Please read the previous answer for context; also I'm positive that the formula is still correct, but either my use or understanding of it is incorrect.

Let me illustrate the issue:

  • Item 1: weight=1, value=1
  • item 2: weight=1, value=4
  • item 3: weight=1, value=3

The calculated dp table (total items visited denoted in superscript): $$ \begin{array}{c|ccc} 3 & 1^1 & 5^2 & 8^3 \\ 2 & 1^1 & 5^2 & 7^2 \\ 1 & 1^1 & 4^1 & 4^1 \\ \hline & 1 & 2 & 3 \end{array} $$

Now to find the best two items out of the three ($p=2$), we use Carlos alternate formula $\max\limits_{p=0,j-1}\{T_{i, p}\}$. The best 2 dp table looks as follows: $$ \begin{array}{c|ccc} 3 & 1^1 & 5^2 & 4^2 \\ 2 & 1^1 & 5^2 & 7^2 \\ 1 & 1^1 & 4^1 & 4^1 \\ \hline & 1 & 2 & 3 \end{array} $$ You can clearly see this is wrong--look at the values of $T_{3,3}$ and $T_{2,3}$. Anyway this is how I calculated the table: the first two columns ($j$-items) are identical. The third column ($j=3$) is where we start using the formula.

  • $T_{1,3} = T_{1,2}$
  • $T_{2,3} = T_{i-w_j,j-1,k-1}+v_j = T_{1,j-1,k-1}+v_j = T_{1,j-1,k-1}+v_j = \max\limits_{p=0,j-1}\{T_{i, p}\} + v_j = \max\limits_{p=0,1}\{T_{1, p}\} + v_j = \max\{T_{1,1}, T_{1,2}\} + v_j = \max\{1,4\} + 3 = 4 + 3 = 7$
  • $T_{3,3} = T_{i-w_j,j-1,k-1}+v_j = T_{2,j-1,k-1}+v_j = T_{2,j-1,k-1}+v_j = \max\limits_{p=0,j-1}\{T_{i, p}\} + v_j = \max\limits_{p=0,1}\{T_{2, p}\} + v_j = \max\{T_{2,1}, \require{enclose}\enclose{updiagonalstrike}{T_{2,2}}\} + v_j = \max\{1,\enclose{updiagonalstrike}{5}\} + 3 = 1 + 3 = 4$

Now the reason the $T_{2,2} (5)$ is crossed-out because the total items visited count for that entry is already $2$, so I'm assuming we just skip it? But (un?)fortunately the two best items are $j=2$ and $j=3$.

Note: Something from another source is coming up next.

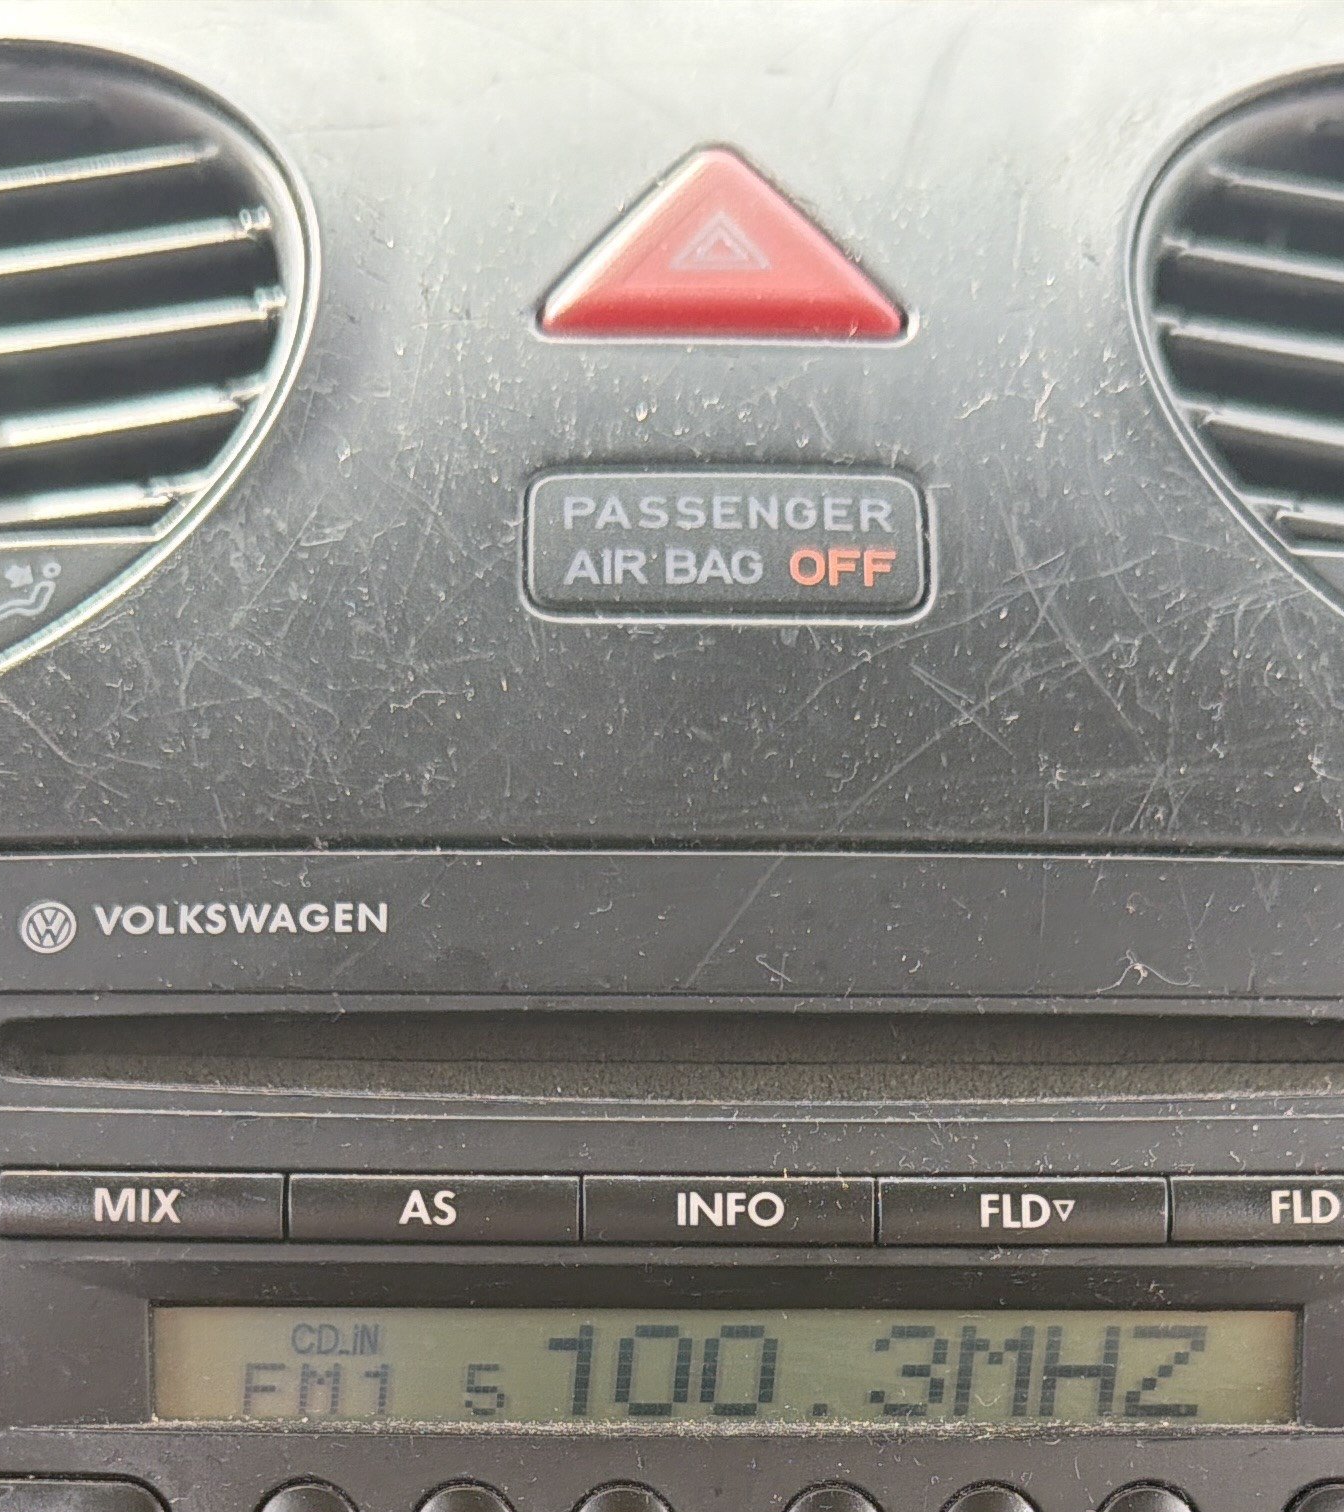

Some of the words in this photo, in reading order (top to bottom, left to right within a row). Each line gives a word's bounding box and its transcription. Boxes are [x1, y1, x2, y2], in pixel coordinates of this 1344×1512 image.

For reference, I implemented using the k-dimension and that one gives the correct results. However, I'm still curious as to why this specific formula isn't working; I'm sure I'm doing something silly--please help me find it =)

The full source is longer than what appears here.